I’m finding that ComponentMetadata
is really only aware of a property named status
which (apparently) is assumed to be found in the descriptor file for the module (we have maven artifacts, so this would need to come from pom.xml
, I believe). I can’t get it to look for arbitrary Artifactory properties, or I get an error that no such property exists
.
If you’ve found a way to do this, it’d be fantastic if you could share!
Sure, here’s the code (that was just a prototype so the code isn’t as clean as it should be).
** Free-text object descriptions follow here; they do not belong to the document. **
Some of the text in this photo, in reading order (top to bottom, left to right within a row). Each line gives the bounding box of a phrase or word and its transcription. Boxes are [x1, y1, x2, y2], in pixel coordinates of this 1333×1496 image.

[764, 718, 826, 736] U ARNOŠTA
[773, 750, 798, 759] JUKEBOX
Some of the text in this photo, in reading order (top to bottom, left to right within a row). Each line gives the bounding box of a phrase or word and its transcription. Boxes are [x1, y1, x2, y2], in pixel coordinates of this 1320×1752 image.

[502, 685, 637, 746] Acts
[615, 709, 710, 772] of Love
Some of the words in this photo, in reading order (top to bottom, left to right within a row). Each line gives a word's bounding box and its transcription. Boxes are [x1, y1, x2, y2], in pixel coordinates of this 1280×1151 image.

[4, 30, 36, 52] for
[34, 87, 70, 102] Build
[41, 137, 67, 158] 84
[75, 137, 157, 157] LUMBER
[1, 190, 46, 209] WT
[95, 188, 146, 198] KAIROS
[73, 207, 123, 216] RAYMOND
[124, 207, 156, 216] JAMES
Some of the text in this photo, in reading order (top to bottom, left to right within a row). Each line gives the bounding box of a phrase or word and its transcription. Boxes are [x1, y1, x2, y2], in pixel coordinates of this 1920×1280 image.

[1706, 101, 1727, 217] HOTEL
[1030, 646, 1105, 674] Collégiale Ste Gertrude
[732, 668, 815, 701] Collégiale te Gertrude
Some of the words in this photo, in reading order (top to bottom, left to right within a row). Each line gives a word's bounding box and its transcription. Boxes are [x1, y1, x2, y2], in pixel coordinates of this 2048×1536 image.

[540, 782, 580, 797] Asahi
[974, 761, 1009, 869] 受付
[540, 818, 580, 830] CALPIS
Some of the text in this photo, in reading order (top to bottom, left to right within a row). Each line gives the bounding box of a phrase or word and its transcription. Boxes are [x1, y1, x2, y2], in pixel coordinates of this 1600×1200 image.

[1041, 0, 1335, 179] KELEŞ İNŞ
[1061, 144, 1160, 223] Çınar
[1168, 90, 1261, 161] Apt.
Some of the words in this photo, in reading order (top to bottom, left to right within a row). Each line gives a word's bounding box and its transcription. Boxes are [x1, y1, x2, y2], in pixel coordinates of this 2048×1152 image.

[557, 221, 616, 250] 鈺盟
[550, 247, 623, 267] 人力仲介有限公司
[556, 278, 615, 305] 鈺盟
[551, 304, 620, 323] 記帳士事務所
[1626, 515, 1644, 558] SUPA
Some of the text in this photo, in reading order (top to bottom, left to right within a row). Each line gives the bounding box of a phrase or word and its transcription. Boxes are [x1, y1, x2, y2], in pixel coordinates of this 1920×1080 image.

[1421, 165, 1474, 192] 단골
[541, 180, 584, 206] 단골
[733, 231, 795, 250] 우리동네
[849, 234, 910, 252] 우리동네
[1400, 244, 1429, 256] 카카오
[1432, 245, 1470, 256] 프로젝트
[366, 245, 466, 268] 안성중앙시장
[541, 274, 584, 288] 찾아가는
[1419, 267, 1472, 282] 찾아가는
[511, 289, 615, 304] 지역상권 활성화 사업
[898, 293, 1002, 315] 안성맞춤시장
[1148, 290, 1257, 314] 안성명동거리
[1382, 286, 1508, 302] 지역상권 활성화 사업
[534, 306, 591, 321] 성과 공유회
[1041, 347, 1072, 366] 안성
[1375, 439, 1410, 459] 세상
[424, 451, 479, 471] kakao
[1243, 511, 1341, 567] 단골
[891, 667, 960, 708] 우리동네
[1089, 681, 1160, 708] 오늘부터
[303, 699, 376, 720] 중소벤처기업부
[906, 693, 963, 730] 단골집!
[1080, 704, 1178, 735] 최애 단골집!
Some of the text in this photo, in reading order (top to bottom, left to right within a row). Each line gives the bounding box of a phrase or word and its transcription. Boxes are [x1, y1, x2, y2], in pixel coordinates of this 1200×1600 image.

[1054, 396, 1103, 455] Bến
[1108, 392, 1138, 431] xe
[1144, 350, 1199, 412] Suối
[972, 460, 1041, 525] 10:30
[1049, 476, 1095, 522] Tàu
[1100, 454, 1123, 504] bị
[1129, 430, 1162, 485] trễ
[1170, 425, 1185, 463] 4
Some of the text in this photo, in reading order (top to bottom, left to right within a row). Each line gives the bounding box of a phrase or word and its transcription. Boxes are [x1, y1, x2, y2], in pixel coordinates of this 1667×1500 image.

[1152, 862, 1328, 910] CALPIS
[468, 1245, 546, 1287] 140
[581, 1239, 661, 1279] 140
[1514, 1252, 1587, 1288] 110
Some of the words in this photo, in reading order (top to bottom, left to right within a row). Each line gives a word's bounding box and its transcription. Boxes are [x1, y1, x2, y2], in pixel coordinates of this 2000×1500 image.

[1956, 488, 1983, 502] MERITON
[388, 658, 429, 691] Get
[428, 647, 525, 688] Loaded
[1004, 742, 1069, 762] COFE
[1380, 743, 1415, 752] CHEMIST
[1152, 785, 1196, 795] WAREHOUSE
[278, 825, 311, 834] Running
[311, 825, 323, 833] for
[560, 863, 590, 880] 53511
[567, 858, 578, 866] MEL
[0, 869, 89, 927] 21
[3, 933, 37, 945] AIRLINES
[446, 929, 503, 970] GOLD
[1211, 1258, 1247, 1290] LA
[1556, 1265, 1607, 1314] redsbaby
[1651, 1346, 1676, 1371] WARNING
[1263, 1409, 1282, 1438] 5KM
I have a repository which hosts a bunch of artifacts in different versions. Those artifacts define a property “codeline” which denotes the branch the artifacts were built from. I wanted to check if Gradle could leverage the “codeline” property to resolve the correct artifacts based on the branch I want to compile against. Basically this is the same as defining a status for an artifact except that the status is defined via a meta-data instead of being hard-coded in an Ivy descriptor. The codeline actually denotes a promotion status and can be undefined or set to “trunk”, “rc”, “hotpatch”, “trunk;rc”, “trunk;rc;hotpatch”, “rc;hotpatch” (multi-values represent promotions of the artifacts: “trunk;rc” means the artifact was built from “trunk” then promoted to “rc”)
apply plugin: 'java'
// Defines the codeline attached to the artifacts we want to compile against
def requestedCodeline = 'rc' // 'trunk', 'rc', 'hotpatch'
println "Requested codeline: ${requestedCodeline}"
configurations {
all {
resolutionStrategy {
componentSelection {
all { ComponentSelection selection ->
// We need to determine if the given candidate relates to the codeline
// we want to compile against
// We first need to identify the url of this artifact from its (group, module, version) identifier
def url1 = new URL("https://artifactory/api/search/gavc?g=${selection.candidate.group}&a=${selection.candidate.module}&v=${selection.candidate.version}&repos=artifactory-repository")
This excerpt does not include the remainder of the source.